NEW YORK (WABC) -- New York City is monitoring one person for the novel coronavirus, according to the health commissioner, while New York, New Jersey and Connecticut are implementing their own testing for the potentially deadly virus.
Results are pending for the individual, who is under the age of 50 and has respiratory symptoms after recently traveling to Italy.
Meanwhile, New York state is working on its own test for COVID-19 amid a growing backlog of testing at the CDC in Atlanta, and Governor Andrew Cuomo said Friday that he spoke to Vice President Mike Pence to discuss plans.
As the number of people who need to be tested is going to increase due to the inclusion of more origin countries, Cuomo said it is "virtually inevitable" there will be a positive case in the state.
"As of this morning, 28 cases have been tested, 27 negative, one is still pending, but it is inevitable in my opinion, or virtually inevitable, based on mathematics and practicality," he said. "I don't want to get into this game, every day, 'Thank God no one tested positive,' and when someone tests positive, now everyone gets nervous. We will have people who test positive. You cannot hermetically seal the United States of America."
Cuomo also stressed that the state is preparing and rattled off the possible future scenarios, noting, "The worst case scenarios, they are problematic and disruptive."
"I don't give a darn about anybody's politics," he said. "We have to be ready."
New Jersey on Friday announced its own similar testing to be conducted at the New Jersey Public Health Environmental Laboratories in West Trenton, using testing kits provided by the CDC.
Additionally, lawmakers, including Sen. Bob Menendez, toured Hackensack Meridian's Center for Discovery and Innovation, where infectious disease experts and researchers are continuing to study the virus.
"The ability to test specimens in New Jersey accelerates the turnaround time for diagnosing cases and implementing public health measures," Health Commissioner Judith Persichilli said. "Testing capability will further enhance New Jersey's preparedness and response to this evolving health emergency."
Connecticut announced it will also conduct its own testing with CDC kits at the Connecticut Department of Public Health's laboratory in Rocky Hill.

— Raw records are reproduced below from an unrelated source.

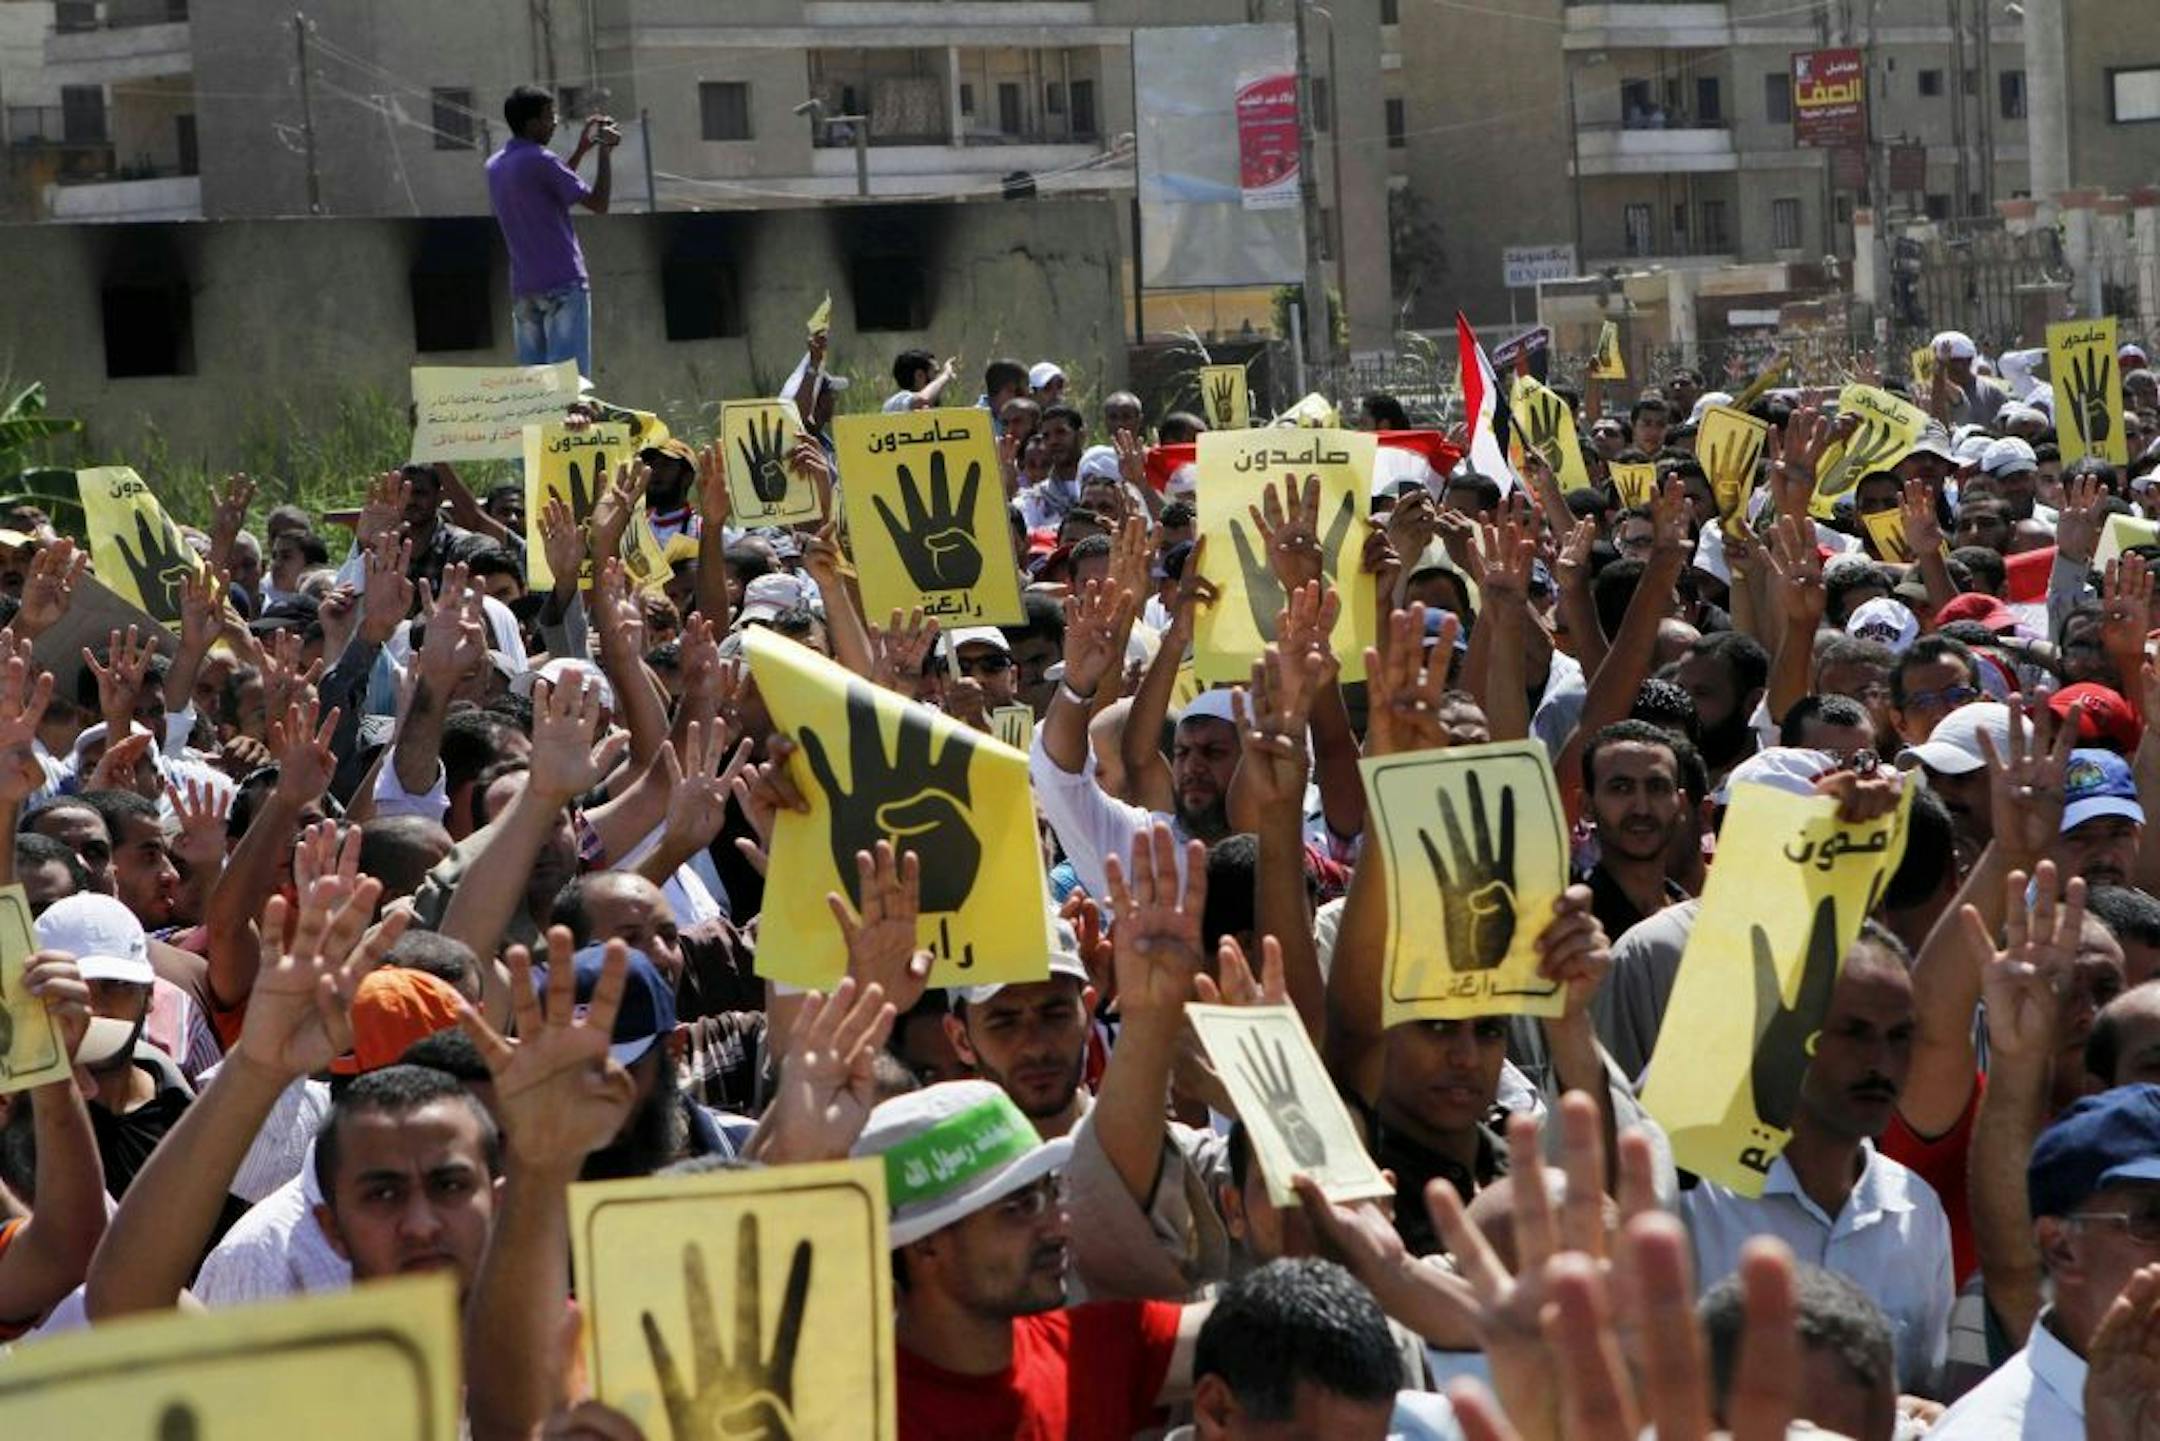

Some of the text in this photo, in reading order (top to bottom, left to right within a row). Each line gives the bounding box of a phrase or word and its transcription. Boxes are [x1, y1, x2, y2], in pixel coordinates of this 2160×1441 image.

[1795, 78, 1862, 107] الصفا
[549, 429, 620, 453] صامدون
[868, 419, 971, 453] صامدون
[1234, 437, 1350, 472] صامدون
[922, 589, 982, 620] رابعة
[1783, 829, 1888, 872] مدون
[930, 1144, 977, 1182] رسول

"As our administration laid out this week, Connecticut is taking every necessary precaution and proactive step to ensure we are ready to respond to the novel coronavirus," Governor Ned Lamont said. "Being able to test for the virus locally will allow us to conduct diagnostics and take every measure in our capability in an expedited fashion."
There are three components to the CDC test for COVID-19, and the kits the CDC sent out nationwide earlier this month had a faulty third component, requiring most samples to be sent to the CDC in Atlanta for analysis.
The third reagent was giving inconclusive results when many laboratories were trying to verify that it was working. The CDC created that test, and the three components, before there was a US case. But once they had US cases to test with, the CDC concluded the test would function without the third component.
CDC has now informed public health labs that it is comfortable making a preliminary determination of unexplained symptoms with two of the three components of the test.
New Jersey and Connecticut are following CDC guidance and are ready to begin tests using two of the three components, but departments of health in New York City and New York state also have concerns with the second component producing accurate results.
Both agencies are continuing to talk with CDC before using the test to determine preliminary positive coronavirus, which will still have to be confirmed by the CDC.
So while this new test eliminates the multi-day lag time to determine preliminary positive, it will not be a confirmed positive until tested by CDC lab in Atlanta.
The CDC hopes all 100 public health labs across the country to be able to run tests by the end of next week.
New Yorkers can call the State hotline at 1-888-364-3065, where experts from the Department of Health can answer questions regarding the novel coronavirus.